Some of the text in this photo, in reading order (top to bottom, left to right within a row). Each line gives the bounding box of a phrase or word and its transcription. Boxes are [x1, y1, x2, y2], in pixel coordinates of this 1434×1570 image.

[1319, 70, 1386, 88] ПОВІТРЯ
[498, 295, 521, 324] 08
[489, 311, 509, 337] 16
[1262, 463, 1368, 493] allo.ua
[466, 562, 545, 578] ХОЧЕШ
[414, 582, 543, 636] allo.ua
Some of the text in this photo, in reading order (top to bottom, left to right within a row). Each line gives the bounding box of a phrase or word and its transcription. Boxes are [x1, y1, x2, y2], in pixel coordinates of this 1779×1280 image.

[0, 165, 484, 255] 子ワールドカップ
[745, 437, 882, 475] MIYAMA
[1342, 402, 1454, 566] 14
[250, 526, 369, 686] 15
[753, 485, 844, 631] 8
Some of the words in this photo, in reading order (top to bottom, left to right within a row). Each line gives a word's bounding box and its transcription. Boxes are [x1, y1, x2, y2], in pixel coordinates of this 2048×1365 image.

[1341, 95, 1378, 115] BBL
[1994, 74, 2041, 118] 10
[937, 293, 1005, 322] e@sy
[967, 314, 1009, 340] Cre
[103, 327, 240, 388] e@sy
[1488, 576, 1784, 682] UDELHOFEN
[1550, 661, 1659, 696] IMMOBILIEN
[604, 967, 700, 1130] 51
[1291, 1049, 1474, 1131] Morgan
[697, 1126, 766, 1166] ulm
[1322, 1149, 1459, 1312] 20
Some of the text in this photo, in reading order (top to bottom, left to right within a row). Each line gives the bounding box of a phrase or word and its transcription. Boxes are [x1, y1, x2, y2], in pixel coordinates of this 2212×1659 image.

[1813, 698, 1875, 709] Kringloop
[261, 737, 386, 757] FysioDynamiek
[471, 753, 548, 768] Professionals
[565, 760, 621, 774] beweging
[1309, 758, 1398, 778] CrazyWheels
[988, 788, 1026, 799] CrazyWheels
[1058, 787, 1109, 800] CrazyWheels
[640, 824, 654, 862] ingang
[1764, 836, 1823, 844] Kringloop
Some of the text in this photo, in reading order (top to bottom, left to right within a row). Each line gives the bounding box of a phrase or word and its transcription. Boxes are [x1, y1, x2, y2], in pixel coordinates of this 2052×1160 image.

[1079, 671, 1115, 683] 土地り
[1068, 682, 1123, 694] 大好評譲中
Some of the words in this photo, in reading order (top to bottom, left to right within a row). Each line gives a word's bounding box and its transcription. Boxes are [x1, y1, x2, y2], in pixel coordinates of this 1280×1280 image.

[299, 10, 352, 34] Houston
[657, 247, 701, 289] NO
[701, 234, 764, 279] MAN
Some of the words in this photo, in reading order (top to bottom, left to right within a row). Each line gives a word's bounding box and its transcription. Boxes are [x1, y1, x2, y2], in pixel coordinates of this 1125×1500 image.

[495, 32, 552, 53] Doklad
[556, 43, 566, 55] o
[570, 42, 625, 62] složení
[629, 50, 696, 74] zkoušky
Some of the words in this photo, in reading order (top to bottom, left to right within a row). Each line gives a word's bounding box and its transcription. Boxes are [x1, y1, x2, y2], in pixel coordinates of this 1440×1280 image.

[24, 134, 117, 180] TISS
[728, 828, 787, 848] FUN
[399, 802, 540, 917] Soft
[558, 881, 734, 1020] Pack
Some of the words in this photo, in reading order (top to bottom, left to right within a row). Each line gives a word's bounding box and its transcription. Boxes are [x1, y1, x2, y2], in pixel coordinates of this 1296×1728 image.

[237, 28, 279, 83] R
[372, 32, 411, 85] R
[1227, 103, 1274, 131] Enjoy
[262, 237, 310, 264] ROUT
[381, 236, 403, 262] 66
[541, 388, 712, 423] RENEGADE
------------
PROBLEM DETAILS: Restate every line of the data word for word.

EXERCISE SOLUTION:
Some of the text in this photo, in reading order (top to bottom, left to right within a row). Each line gives the bounding box of a phrase or word and its transcription. Boxes are [x1, y1, x2, y2], in pixel coordinates of this 1434×1570 image.

[1319, 70, 1386, 88] ПОВІТРЯ
[498, 295, 521, 324] 08
[489, 311, 509, 337] 16
[1262, 463, 1368, 493] allo.ua
[466, 562, 545, 578] ХОЧЕШ
[414, 582, 543, 636] allo.ua
Some of the text in this photo, in reading order (top to bottom, left to right within a row). Each line gives the bounding box of a phrase or word and its transcription. Boxes are [x1, y1, x2, y2], in pixel coordinates of this 1779×1280 image.

[0, 165, 484, 255] 子ワールドカップ
[745, 437, 882, 475] MIYAMA
[1342, 402, 1454, 566] 14
[250, 526, 369, 686] 15
[753, 485, 844, 631] 8
Some of the words in this photo, in reading order (top to bottom, left to right within a row). Each line gives a word's bounding box and its transcription. Boxes are [x1, y1, x2, y2], in pixel coordinates of this 2048×1365 image.

[1341, 95, 1378, 115] BBL
[1994, 74, 2041, 118] 10
[937, 293, 1005, 322] e@sy
[967, 314, 1009, 340] Cre
[103, 327, 240, 388] e@sy
[1488, 576, 1784, 682] UDELHOFEN
[1550, 661, 1659, 696] IMMOBILIEN
[604, 967, 700, 1130] 51
[1291, 1049, 1474, 1131] Morgan
[697, 1126, 766, 1166] ulm
[1322, 1149, 1459, 1312] 20
Some of the text in this photo, in reading order (top to bottom, left to right within a row). Each line gives the bounding box of a phrase or word and its transcription. Boxes are [x1, y1, x2, y2], in pixel coordinates of this 2212×1659 image.

[1813, 698, 1875, 709] Kringloop
[261, 737, 386, 757] FysioDynamiek
[471, 753, 548, 768] Professionals
[565, 760, 621, 774] beweging
[1309, 758, 1398, 778] CrazyWheels
[988, 788, 1026, 799] CrazyWheels
[1058, 787, 1109, 800] CrazyWheels
[640, 824, 654, 862] ingang
[1764, 836, 1823, 844] Kringloop
Some of the text in this photo, in reading order (top to bottom, left to right within a row). Each line gives the bounding box of a phrase or word and its transcription. Boxes are [x1, y1, x2, y2], in pixel coordinates of this 2052×1160 image.

[1079, 671, 1115, 683] 土地り
[1068, 682, 1123, 694] 大好評譲中
Some of the words in this photo, in reading order (top to bottom, left to right within a row). Each line gives a word's bounding box and its transcription. Boxes are [x1, y1, x2, y2], in pixel coordinates of this 1280×1280 image.

[299, 10, 352, 34] Houston
[657, 247, 701, 289] NO
[701, 234, 764, 279] MAN
Some of the words in this photo, in reading order (top to bottom, left to right within a row). Each line gives a word's bounding box and its transcription. Boxes are [x1, y1, x2, y2], in pixel coordinates of this 1125×1500 image.

[495, 32, 552, 53] Doklad
[556, 43, 566, 55] o
[570, 42, 625, 62] složení
[629, 50, 696, 74] zkoušky
Some of the words in this photo, in reading order (top to bottom, left to right within a row). Each line gives a word's bounding box and its transcription. Boxes are [x1, y1, x2, y2], in pixel coordinates of this 1440×1280 image.

[24, 134, 117, 180] TISS
[728, 828, 787, 848] FUN
[399, 802, 540, 917] Soft
[558, 881, 734, 1020] Pack
Some of the words in this photo, in reading order (top to bottom, left to right within a row). Each line gives a word's bounding box and its transcription. Boxes are [x1, y1, x2, y2], in pixel coordinates of this 1296×1728 image.

[237, 28, 279, 83] R
[372, 32, 411, 85] R
[1227, 103, 1274, 131] Enjoy
[262, 237, 310, 264] ROUT
[381, 236, 403, 262] 66
[541, 388, 712, 423] RENEGADE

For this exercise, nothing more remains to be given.